In sports lexicon, it’s said defense wins championships. But when it comes to IT security, playing offense and relying on preventative security controls for printers will actually score the most points for your business.
You can attribute this shift to the constantly evolving nature of vulnerabilities. To keep up and stay one step ahead of new forms of attack, businesses must act fast and invest in the areas that need protection the most in their IT environments. This explains why IT security spending isn’t decreasing—in fact, Gartner expects it to grow from $90 billion in 2017 to $113 billion by 2020. This change in attitude will likely dictate where the dollars are spent during the next few years, as well.

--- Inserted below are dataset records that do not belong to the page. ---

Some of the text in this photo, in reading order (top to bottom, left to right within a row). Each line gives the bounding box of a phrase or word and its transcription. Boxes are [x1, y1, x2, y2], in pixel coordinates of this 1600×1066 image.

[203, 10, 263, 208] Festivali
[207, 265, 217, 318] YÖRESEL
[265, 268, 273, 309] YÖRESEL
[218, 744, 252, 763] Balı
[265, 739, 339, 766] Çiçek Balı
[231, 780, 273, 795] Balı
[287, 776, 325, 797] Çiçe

Build a deep security moat
The past decade saw a ton of IT cash spent preparing for the cloud and software-based networking systems. Old firewalls, switches, and routers have been replaced with newer and more capable hardware. Large cloud platforms have been implemented and hardened. The drawbridge is up, and the security moat protecting organizations has been filled and fully modernized.
These walls are pretty good at keeping the bad guys away, but the perimeter still needs heavy monitoring to make sure problems are properly identified at the edges of a network before something bad happens. As Gartner points out, for the next few years, ITDMs will spend more on endpoint detection and response (EDR), software-defined segmentation, cloud access security brokers (CASBs), and user and entity behavior analytics (UEBA). These complex tools will become essential to handling the interior of the security perimeter.

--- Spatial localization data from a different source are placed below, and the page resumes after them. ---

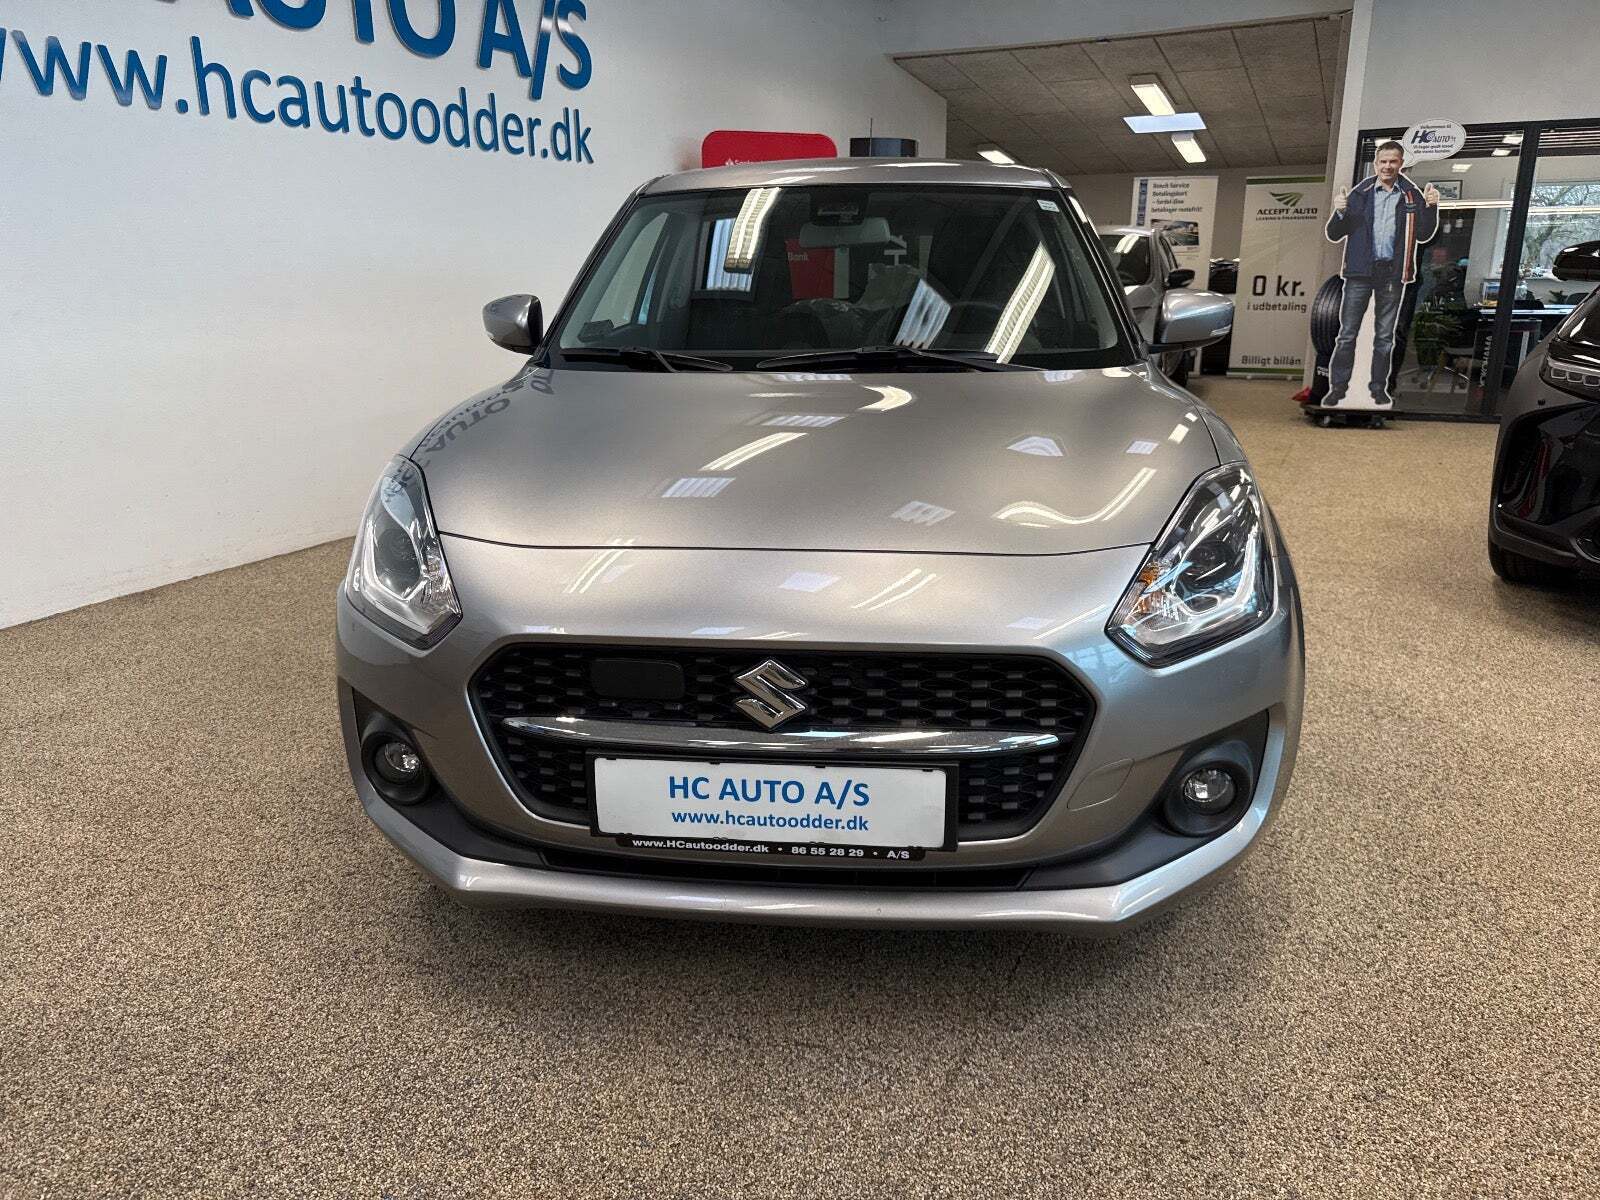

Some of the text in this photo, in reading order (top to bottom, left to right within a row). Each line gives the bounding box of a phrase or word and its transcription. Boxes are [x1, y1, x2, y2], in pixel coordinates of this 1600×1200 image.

[0, 27, 594, 164] ww.hcautoodder.dk
[1252, 275, 1305, 297] 0 kr.
[1247, 301, 1307, 313] i udbetaling
[1241, 354, 1301, 367] Billigt billån
[669, 775, 870, 810] HC AUTO A/S
[671, 810, 869, 831] www.hcautoodder.dk
[632, 839, 910, 860] www.HCautoodder.dk 86 55 28 29 A/S

Rise of the automated attacks
The scary part of IT security today—and what can afflict seemingly innocuous devices, like printers—are automated attacks. Botnets, for example, are persistent in how they attack. Boots on the ground are essential in detecting the abnormal. You need to educate users to alert IT to any weirdness going on, such as devices not behaving correctly, performance issues, or any subtle yet noticeable changes. Any of these symptoms can prove more nefarious than they first appear. A user may try to uninstall an unwanted browser toolbar or puzzle momentarily over unexpected installs, but these are subtle issues IT should know about.

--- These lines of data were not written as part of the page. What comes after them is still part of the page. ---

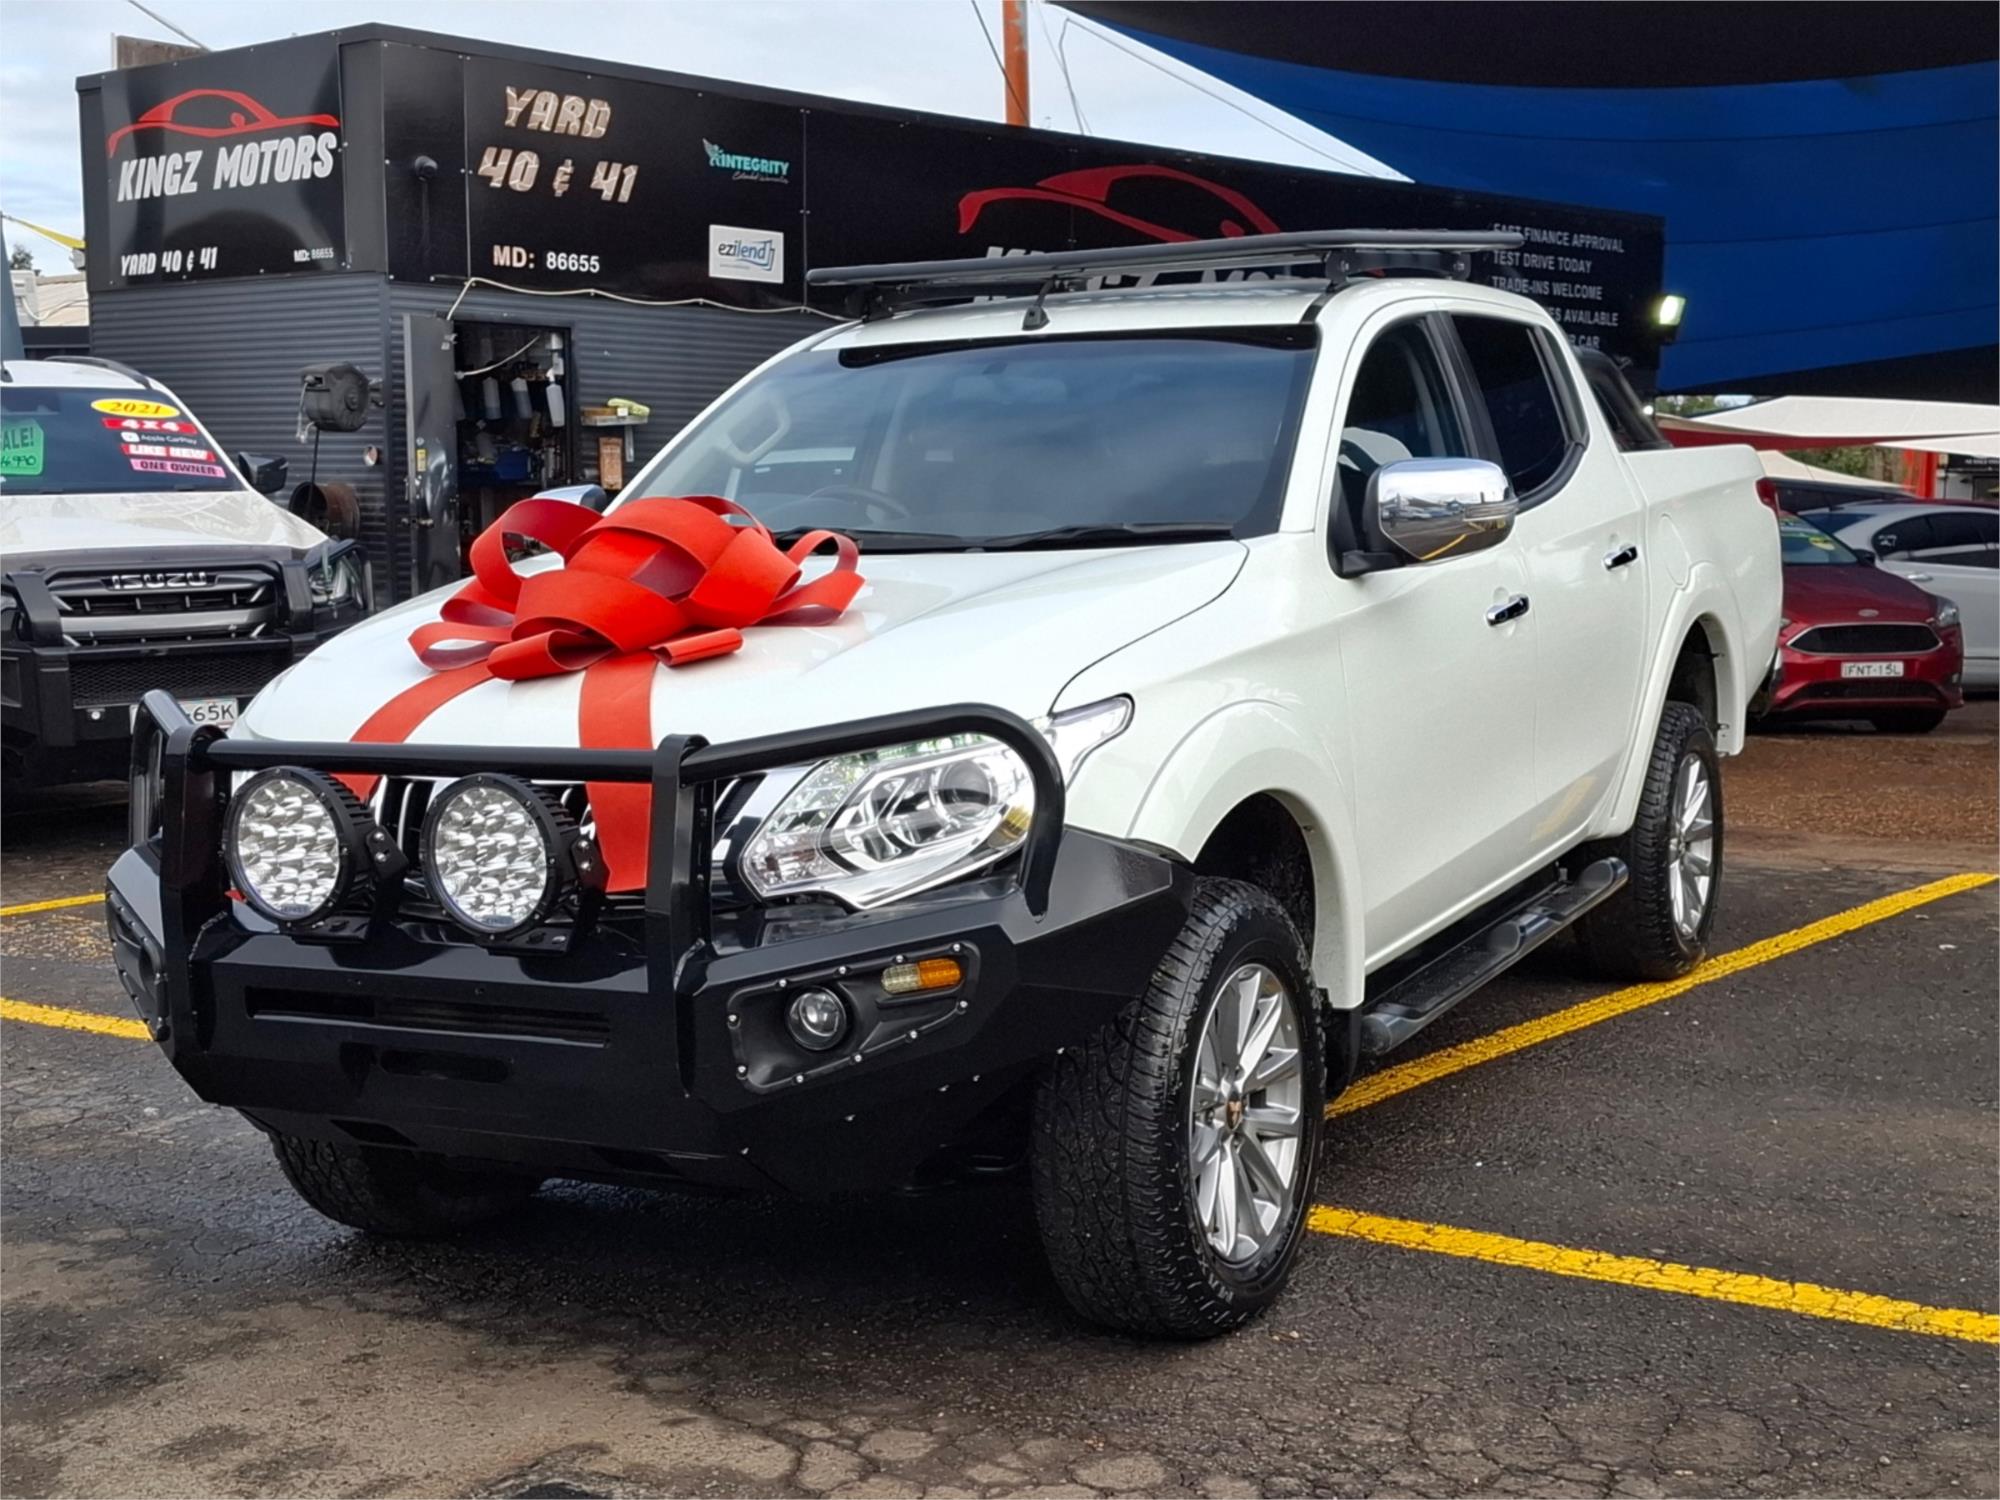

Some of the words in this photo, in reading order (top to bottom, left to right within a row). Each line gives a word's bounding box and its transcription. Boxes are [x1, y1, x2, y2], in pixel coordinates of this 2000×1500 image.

[505, 86, 611, 139] YARD
[117, 150, 203, 202] KINGZ
[213, 132, 338, 190] MOTORS
[477, 146, 540, 192] 40
[590, 160, 639, 204] 41
[721, 154, 790, 176] INTEGRITY
[718, 240, 766, 260] ezilend
[1524, 227, 1570, 246] FINANCE
[1572, 233, 1624, 253] APPROVAL
[121, 252, 157, 276] YARD
[161, 250, 182, 272] 40
[200, 247, 218, 270] 41
[493, 244, 535, 269] MD:
[546, 252, 600, 273] 86655
[1493, 250, 1521, 266] TEST
[1523, 253, 1555, 270] DRIVE
[1557, 257, 1592, 274] TODAY
[1492, 276, 1550, 295] TRADE-INS
[1552, 282, 1602, 300] WELCOME
[1563, 309, 1618, 326] AVAILABLE
[1578, 335, 1599, 348] CAR
[110, 402, 161, 415] 2021
[2, 427, 34, 451] ALE!
[140, 460, 168, 471] ONE
[170, 463, 217, 475] OWNER
[112, 571, 207, 590] ISUZU
[193, 704, 234, 721] 65K

IT also needs to take each and every report seriously. Even if it’s a false alarm, don’t let yourself get jaded. Your tech team should take advantage of teachable moments to ensure users are aware of the danger. Security moats are well and good, but we’ve seen systems, like the Dallas early warning system, be susceptible to these types of clever attacks, setting off 156 alarms throughout the city.
Predictive analytics is no security catchall
The ability to detect certain actions before they occur can save IT security time, money, and headaches. This is the idea behind predictive analytics, a newer growth sector expected to blow up in the coming years. The concept basically has IT managers salivating, since it could help them sleep better at night.
But this field is more guesswork than science, so far. Predictive analytics can take data and possibly detect potential “badness” that could happen in the future, but IT security still needs to be a human-intensive endeavor. People play a vital role in preventing intrusions and attacks.
This includes keeping users abreast of change management, individual security issues, and reporting. Users are often the first line of defense, and predictive analytics can’t replace the human element of keeping systems safe. That said, by combining the human element with preventative security controls for endpoints, such as printers and PCs, you can better protect your IT environment in the long run. Just remember: It’s the combination of efforts that matters.